Kagan then disputed the Court’s characterization of the precedents cited as support for the major questions doctrine, writing that “the relevant decisions do normal statutory interpretation.” In those cases, according to Kagan, the Court struck down agency actions under ordinary methods of statutory interpretation because “the assertion of delegated power was a misfit for both the agency and the statutory scheme”—put differently, the “agency had strayed out of its lane, to an area where it had neither expertise nor experience.” There was no such mismatch with respect to the EPA’s Clean Power Plan, in Kagan’s view. Kagan criticized the Court for being “textualist only when being so suits it” and called the major questions doctrine a “get-out-of-text-free card[].”

Broader implications

While Chevron remains good law and some of the precedents relied upon involve Chevron analysis, the majority and concurring opinions did not mention the Chevron two-step analysis, let alone clarify how the major questions doctrine should be applied in the context of that analysis.[19] Regardless of whether the major questions doctrine is viewed as a new step zero or a component of step one,[20] the doctrine is likely to result in fewer agency actions reaching step two and receiving Chevron deference.

The major questions doctrine could be used to challenge a variety of ambitious agency actions, such as the SEC’s proposed climate risk disclosure rule.[21] The impact of the major questions doctrine on the administrative state will, of course, depend on how broadly the doctrine is applied in the future. Courts may limit the application of the doctrine to cases that involve statutory provisions that can be characterized as ancillary backwaters, or where an agency has clearly strayed from its traditional area of expertise. But if courts apply the factors outlined in Justice Gorsuch’s concurrence, then any agency action that addresses a matter of “great political significance” or an “earnest and profound debate,” or that regulates “a significant portion of the American economy” or requires “billions of dollars” in private spending, would be subject to challenge under the major questions doctrine.

Law clerk David Giordano contributed to this update.


[1] West Virginia v. Environmental Protection Agency, 597 U.S. ____ (2022).

[2] A separate Davis Polk client update provides further background on the EPA’s Clean Power Plan and the environmental law implications of the decision. See The Supreme Court uses major questions doctrine to limit EPA’s authority to regulate climate change (July 11, 2022).
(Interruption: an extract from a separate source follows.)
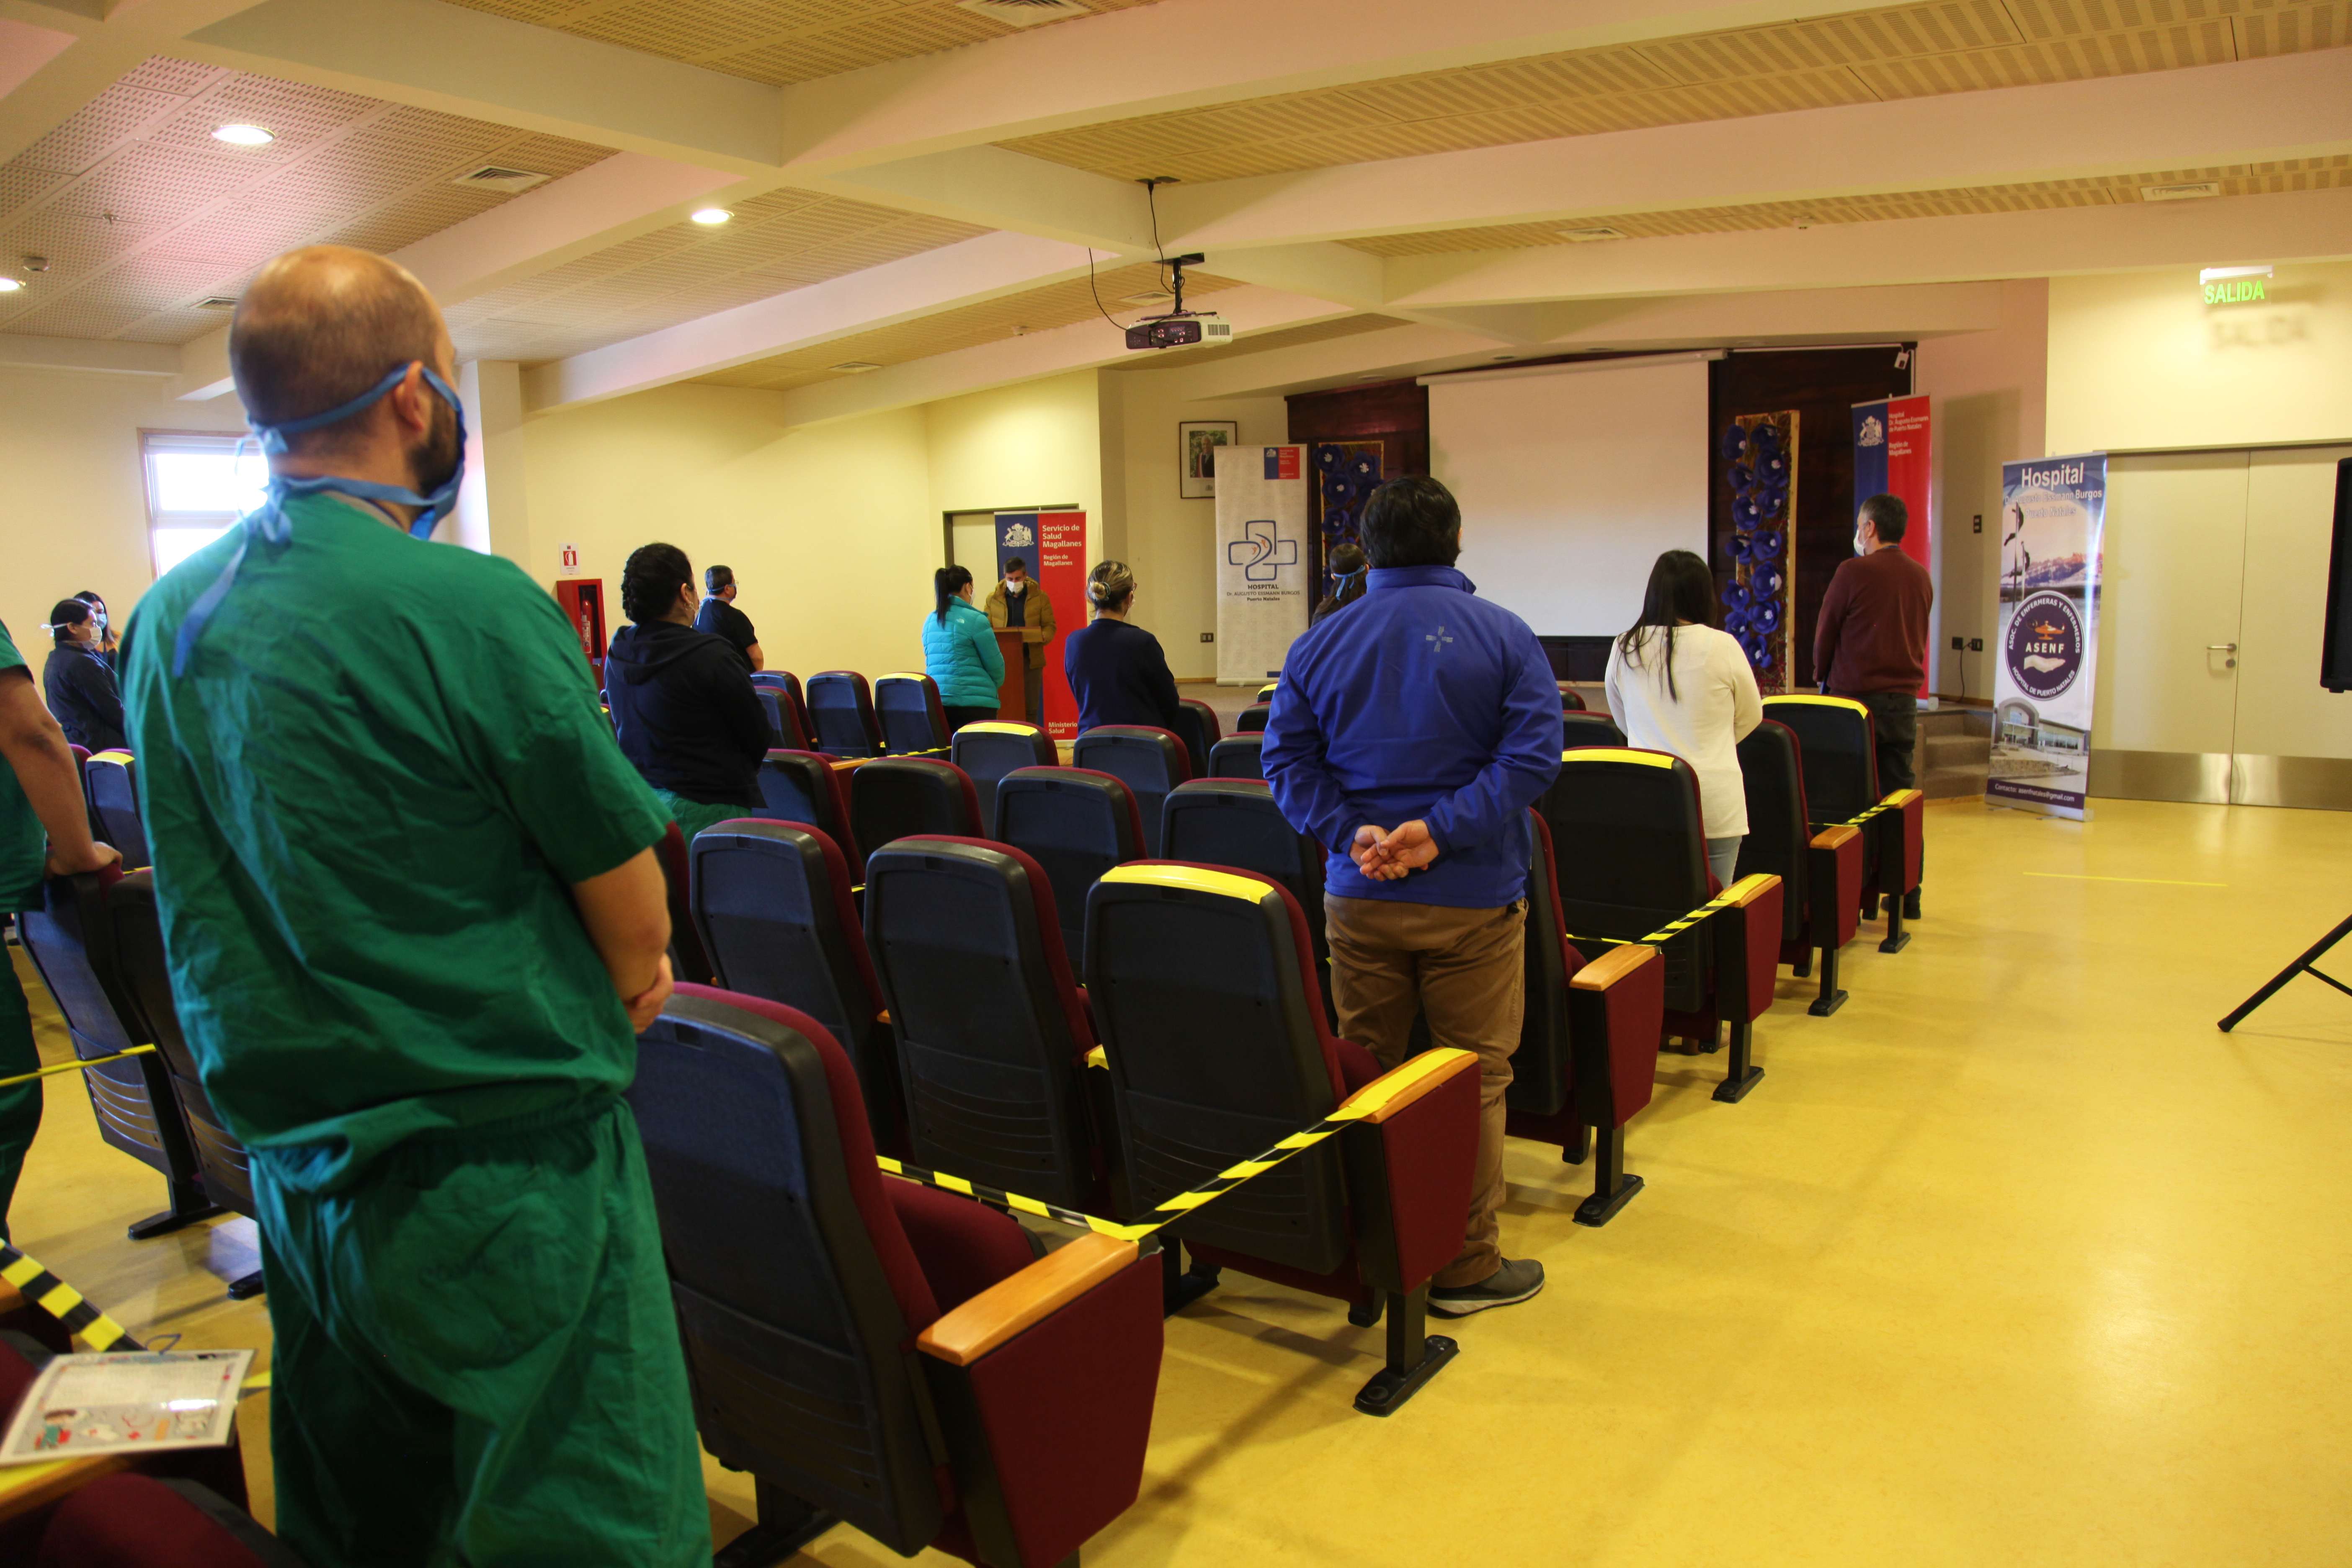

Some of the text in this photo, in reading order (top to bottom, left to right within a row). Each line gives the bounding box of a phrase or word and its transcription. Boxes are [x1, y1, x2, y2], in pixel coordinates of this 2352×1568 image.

[3] 42 U.S.C. § 7411(a)(1), (d).

[4] Id. § 7411(d)(1).

[5] 343 U.S. 579, 634-55 (1952) (Jackson, J., concurring).

[6] 529 U.S. 120 (2000).

[7] 546 U.S. 243 (2006).

[8] 573 U.S. 302 (2014).

[9] 141 S.Ct. 2485, 594 U. S. ____ (2021) (per curiam).
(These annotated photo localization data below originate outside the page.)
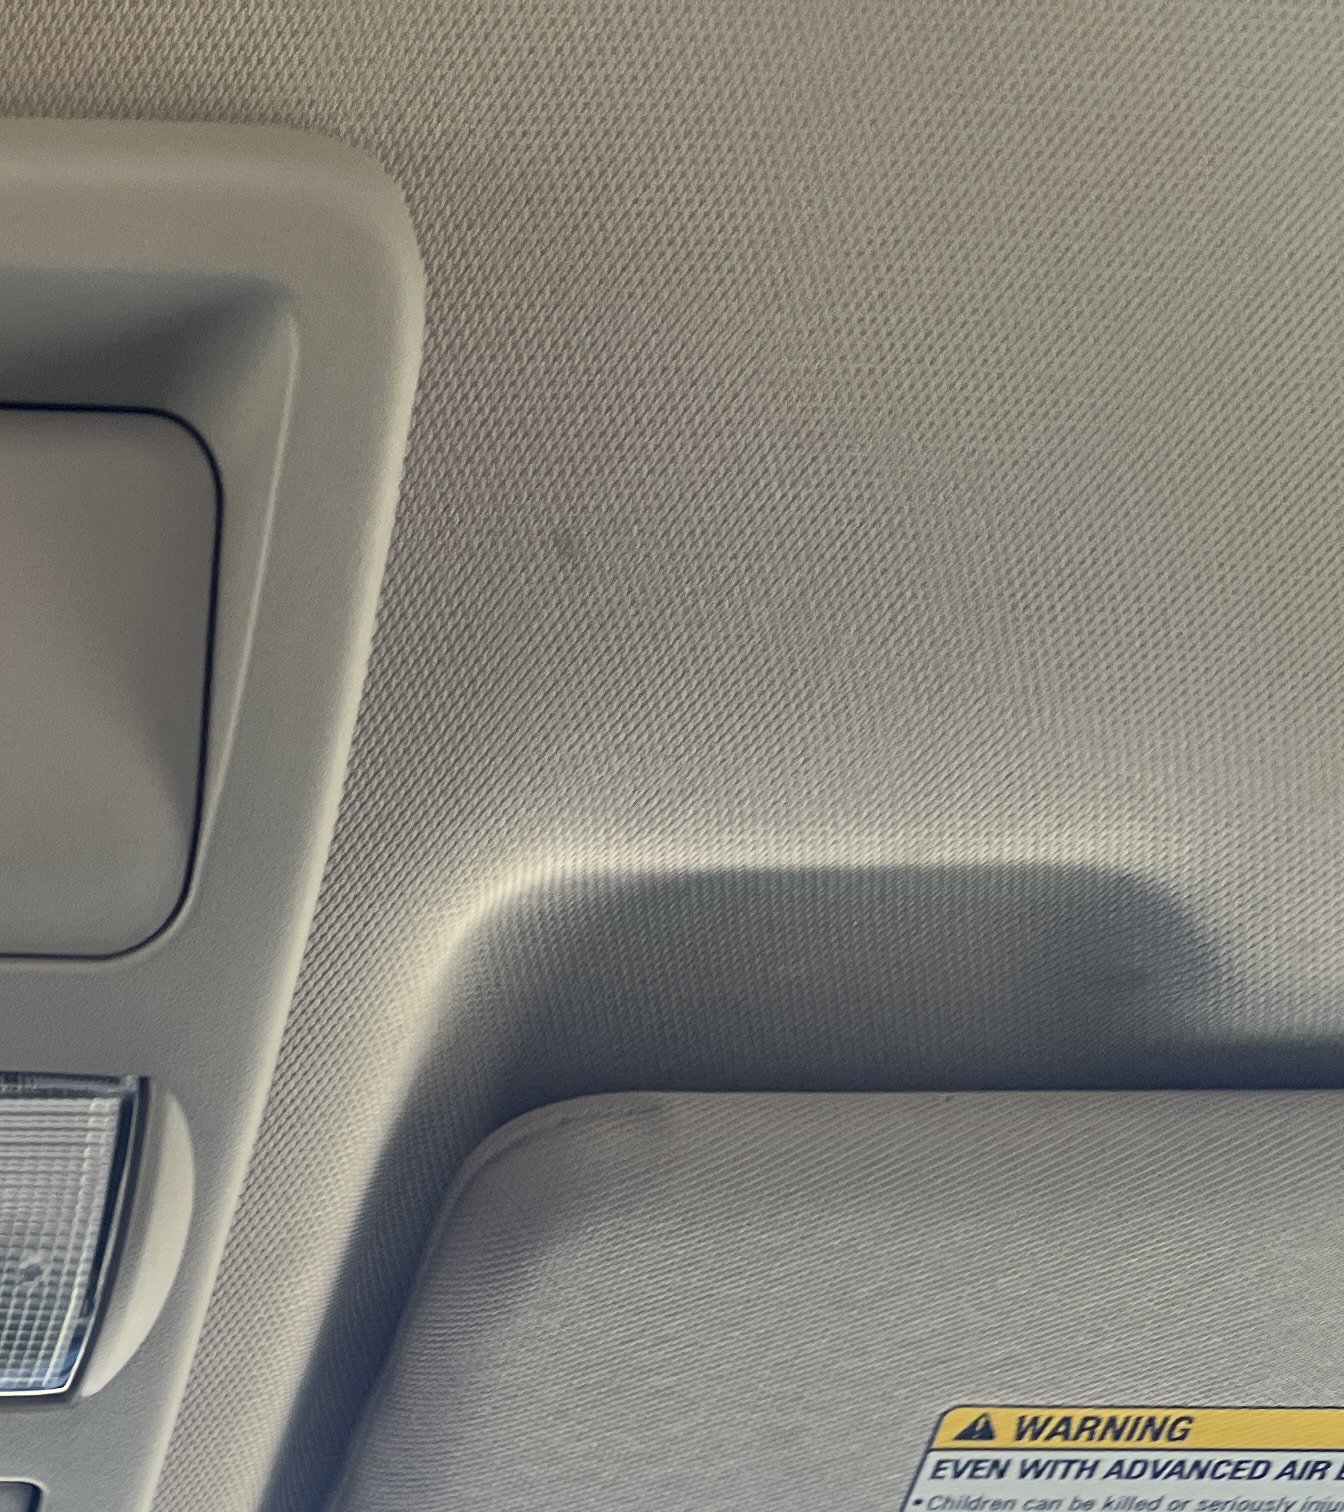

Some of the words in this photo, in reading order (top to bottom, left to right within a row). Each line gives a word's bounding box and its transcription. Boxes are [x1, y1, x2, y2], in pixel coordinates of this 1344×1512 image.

[1015, 1415, 1195, 1442] WARNING
[929, 1459, 1011, 1480] EVEN
[1018, 1459, 1101, 1480] WITH
[1102, 1459, 1273, 1481] ADVANCED
[1274, 1460, 1333, 1481] AIR
[926, 1494, 1015, 1511] Children
[1022, 1498, 1062, 1511] can
[1068, 1496, 1095, 1512] be
[1101, 1495, 1164, 1512] killed
[1167, 1499, 1191, 1512] or
[10] 142 S.Ct. 661, 595 U.S. ____ (2022) (per curiam).

[11] 529 U.S. at 160.

[12] Id. at 159.

[13] 546 U.S. at 267.

[14] 573 U.S. 324 (citing Brown & Williamson, 529 U.S. at 159-60).

[15] 141 S.Ct. at 2489.

[16] Id.

[17] 142 S.Ct. at 665.

[18] Id.

[19] Chevron, U.S.A., Inc. v. Natural Resources Defense Council, 467 U.S. 837, 842-43 (1984) (“When a court reviews an agency’s construction of the statute which it administers, it is confronted with two questions. First, always, is the question whether Congress has directly spoken to the precise question at issue. If the intent of Congress is clear, that is the end of the matter; for the court, as well as the agency, must give effect to the unambiguously expressed intent of Congress. If, however, the court determines Congress has not directly addressed the precise question at issue, the court does not simply impose its own construction on the statute, as would be necessary in the absence of an administrative interpretation. Rather, if the statute is silent or ambiguous with respect to the specific issue, the question for the court is whether the agency’s answer is based on a permissible construction of the statute.”).
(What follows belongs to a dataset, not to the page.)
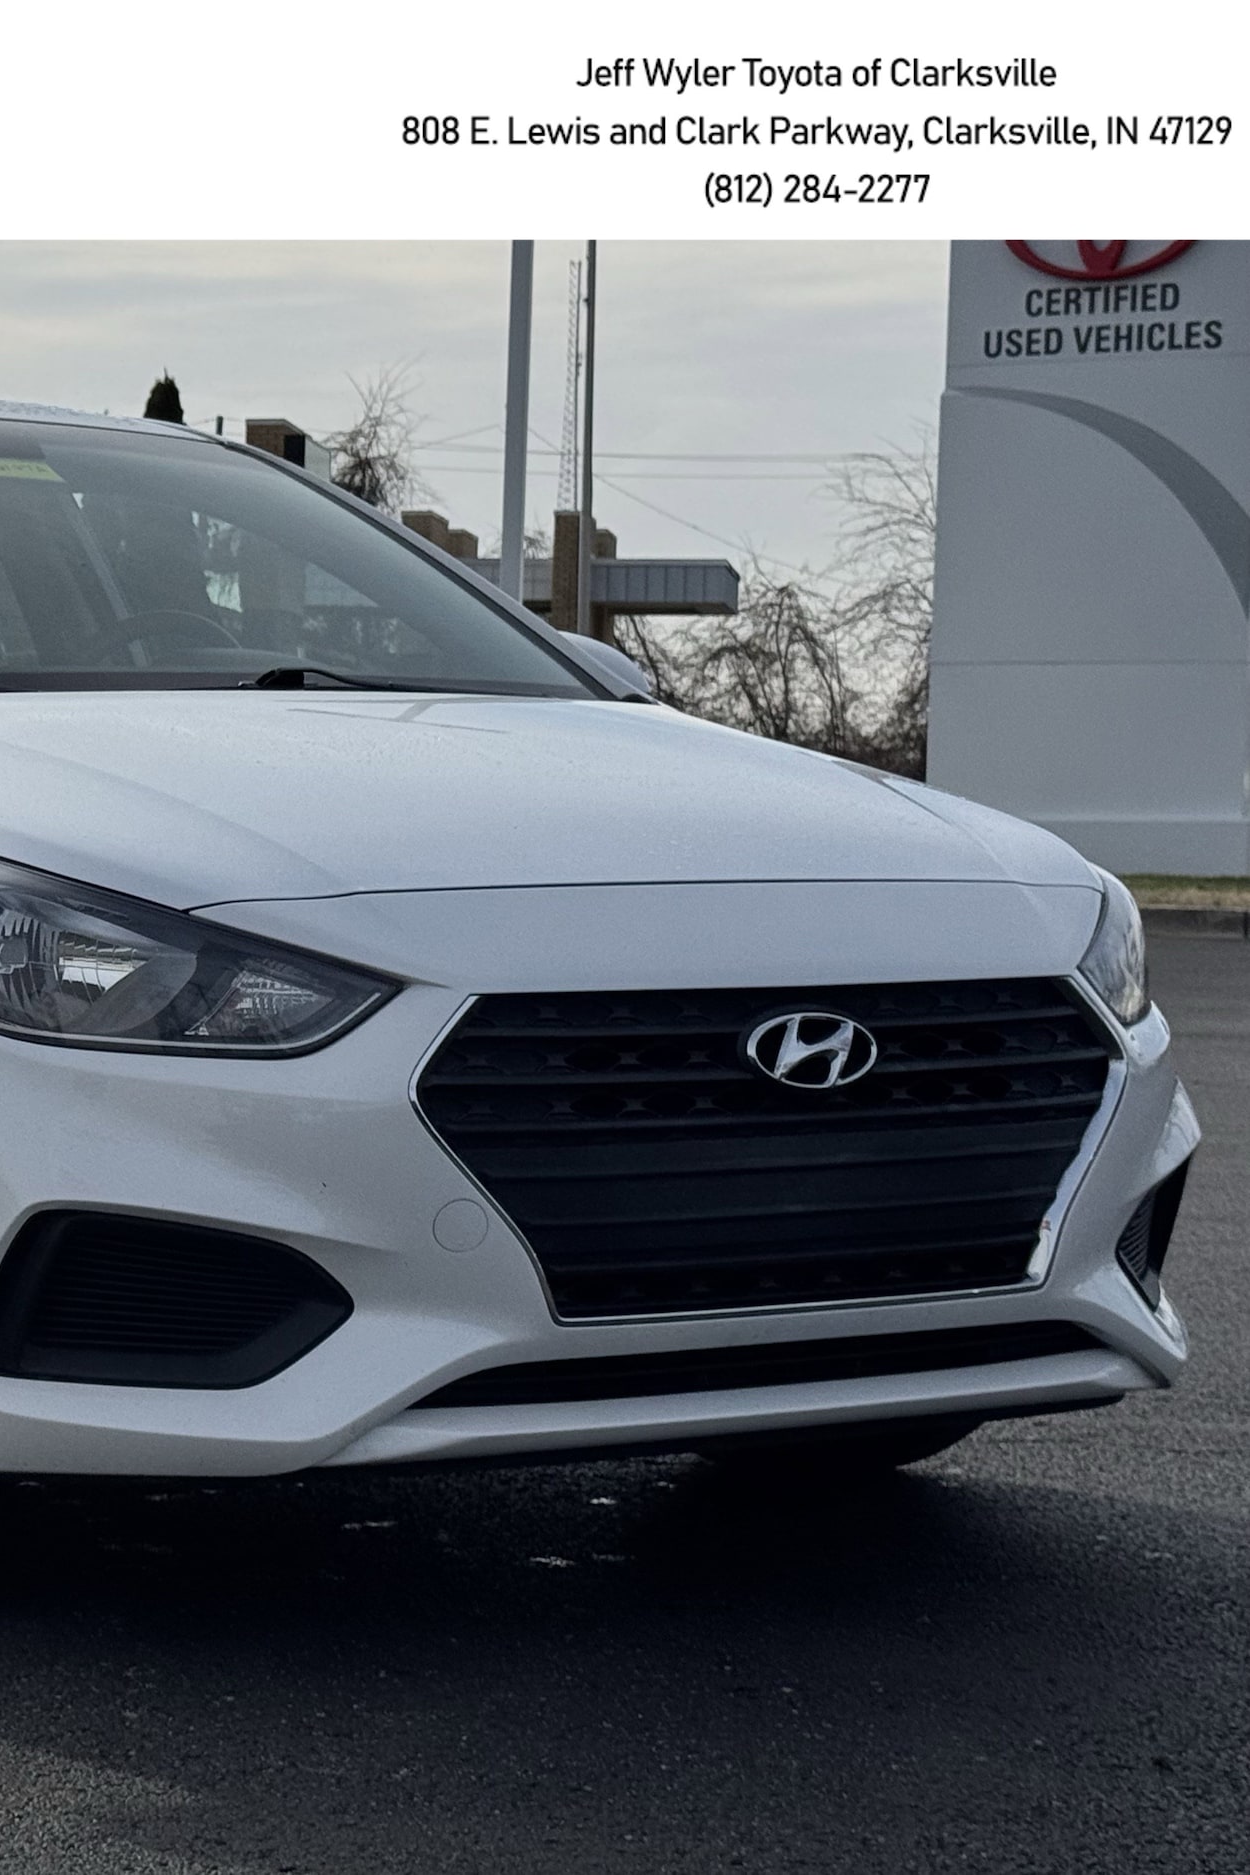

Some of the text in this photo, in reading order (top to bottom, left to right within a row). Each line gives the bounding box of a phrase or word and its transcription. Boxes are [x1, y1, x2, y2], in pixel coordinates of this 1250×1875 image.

[1025, 283, 1180, 318] CERTIFIED
[984, 320, 1223, 359] USED VEHICLES
[20] Professor William Eskridge, who was cited in the Court’s opinion, slip. op. at 26, cites Professors Merrill and Hickman for the proposition that what they call the Major Questions Canon is a new step zero. William N. Eskridge, Jr., Interpreting Law: A Primer on How to Read Statutes and the Constitution, at 287 (2016).

[21] For our client update on the SEC’s proposal, see SEC proposes climate disclosure regime (Mar. 22, 2022).